WORK TO BE COMPLETED>
Copy everything in the listing below word for word, apart from any images.

☆ ☆ ☆ ☆ ☆

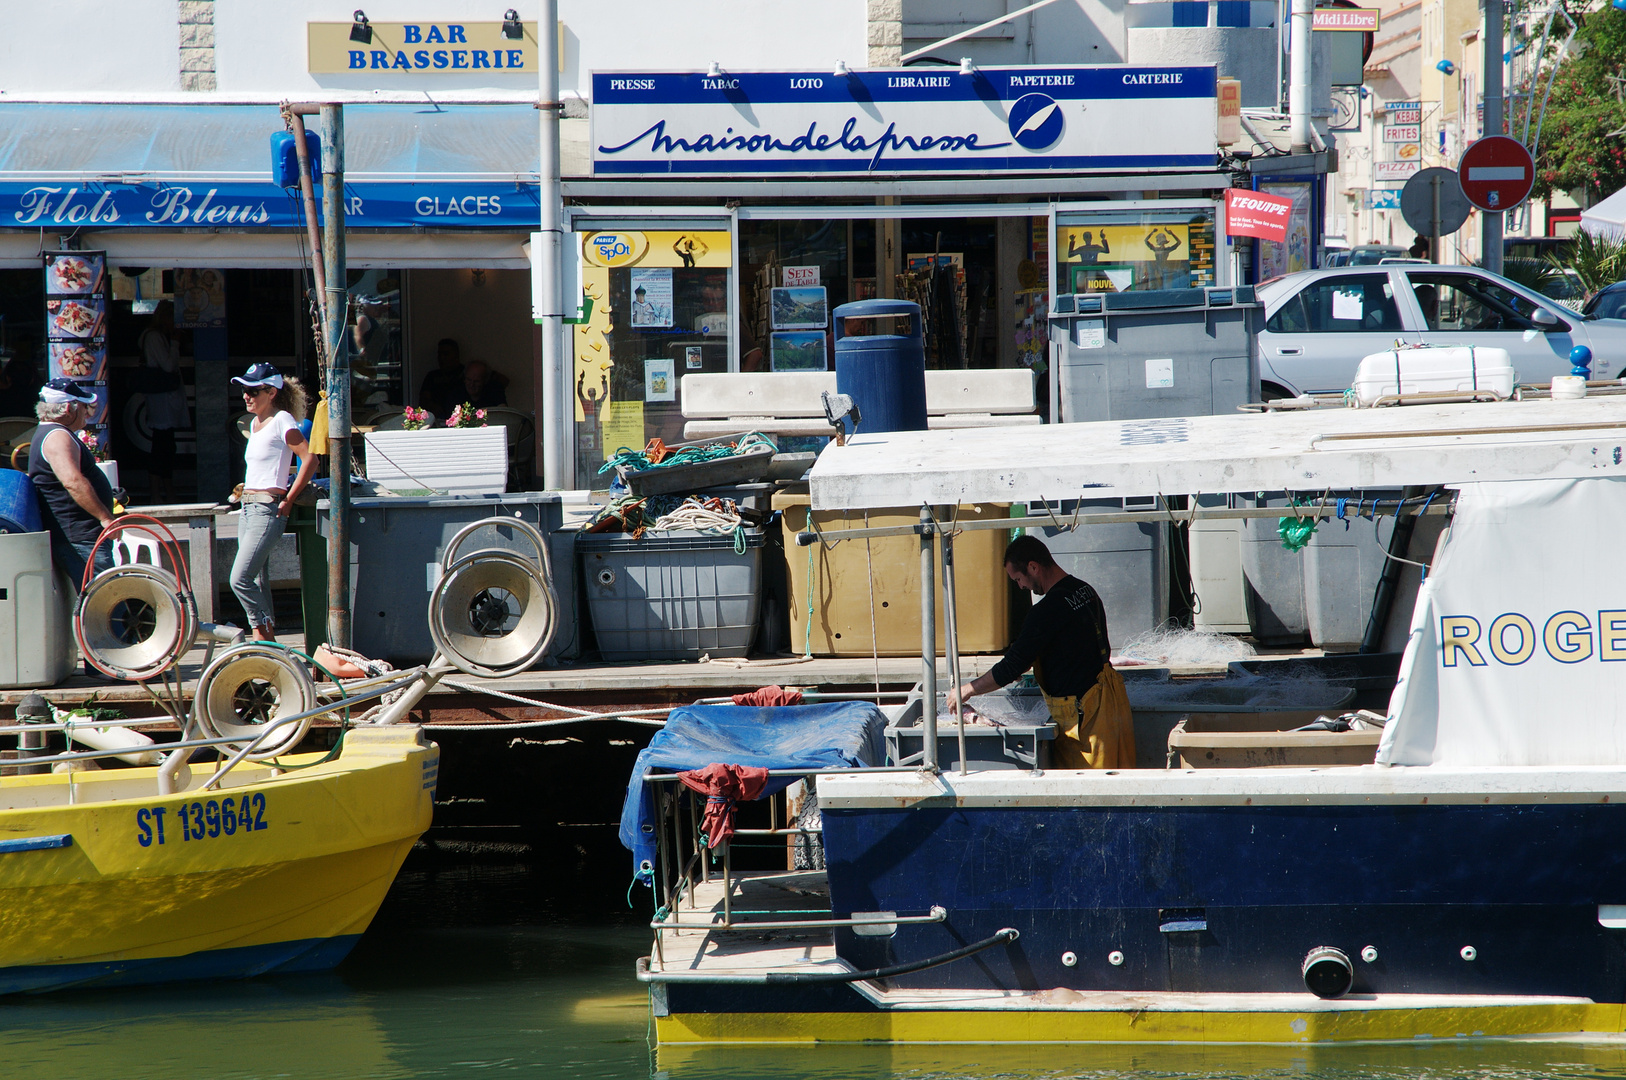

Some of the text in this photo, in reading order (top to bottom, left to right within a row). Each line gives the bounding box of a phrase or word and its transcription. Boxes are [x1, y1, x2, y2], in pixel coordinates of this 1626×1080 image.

[1313, 13, 1375, 25] Midi Libre
[403, 25, 467, 44] BAR
[348, 50, 524, 69] BRASSERIE
[610, 79, 656, 90] PRESSE
[701, 79, 740, 90] TABAC
[790, 78, 823, 89] LOTO
[887, 76, 951, 88] LIBRAIRIE
[1010, 75, 1075, 86] PAPETERIE
[1122, 73, 1183, 85] CARTERIE
[1385, 102, 1419, 110] LAVERIE
[1395, 110, 1420, 122] KEBAB
[1386, 128, 1418, 139] FRITES
[1378, 162, 1416, 172] PIZZA
[15, 186, 270, 223] Flots Bleus
[415, 195, 502, 216] GLACES
[1230, 196, 1289, 216] L'ÉQUIPE
[796, 278, 818, 287] TABLE
[1088, 279, 1115, 289] NOUVE
[1440, 610, 1626, 667] ROGE
[137, 793, 268, 847] ST 139642

☆ ☆ ☆ ☆ ☆

EXERCISE OUTPUT>
Some of the text in this photo, in reading order (top to bottom, left to right within a row). Each line gives the bounding box of a phrase or word and its transcription. Boxes are [x1, y1, x2, y2], in pixel coordinates of this 1626×1080 image.

[1313, 13, 1375, 25] Midi Libre
[403, 25, 467, 44] BAR
[348, 50, 524, 69] BRASSERIE
[610, 79, 656, 90] PRESSE
[701, 79, 740, 90] TABAC
[790, 78, 823, 89] LOTO
[887, 76, 951, 88] LIBRAIRIE
[1010, 75, 1075, 86] PAPETERIE
[1122, 73, 1183, 85] CARTERIE
[1385, 102, 1419, 110] LAVERIE
[1395, 110, 1420, 122] KEBAB
[1386, 128, 1418, 139] FRITES
[1378, 162, 1416, 172] PIZZA
[15, 186, 270, 223] Flots Bleus
[415, 195, 502, 216] GLACES
[1230, 196, 1289, 216] L'ÉQUIPE
[796, 278, 818, 287] TABLE
[1088, 279, 1115, 289] NOUVE
[1440, 610, 1626, 667] ROGE
[137, 793, 268, 847] ST 139642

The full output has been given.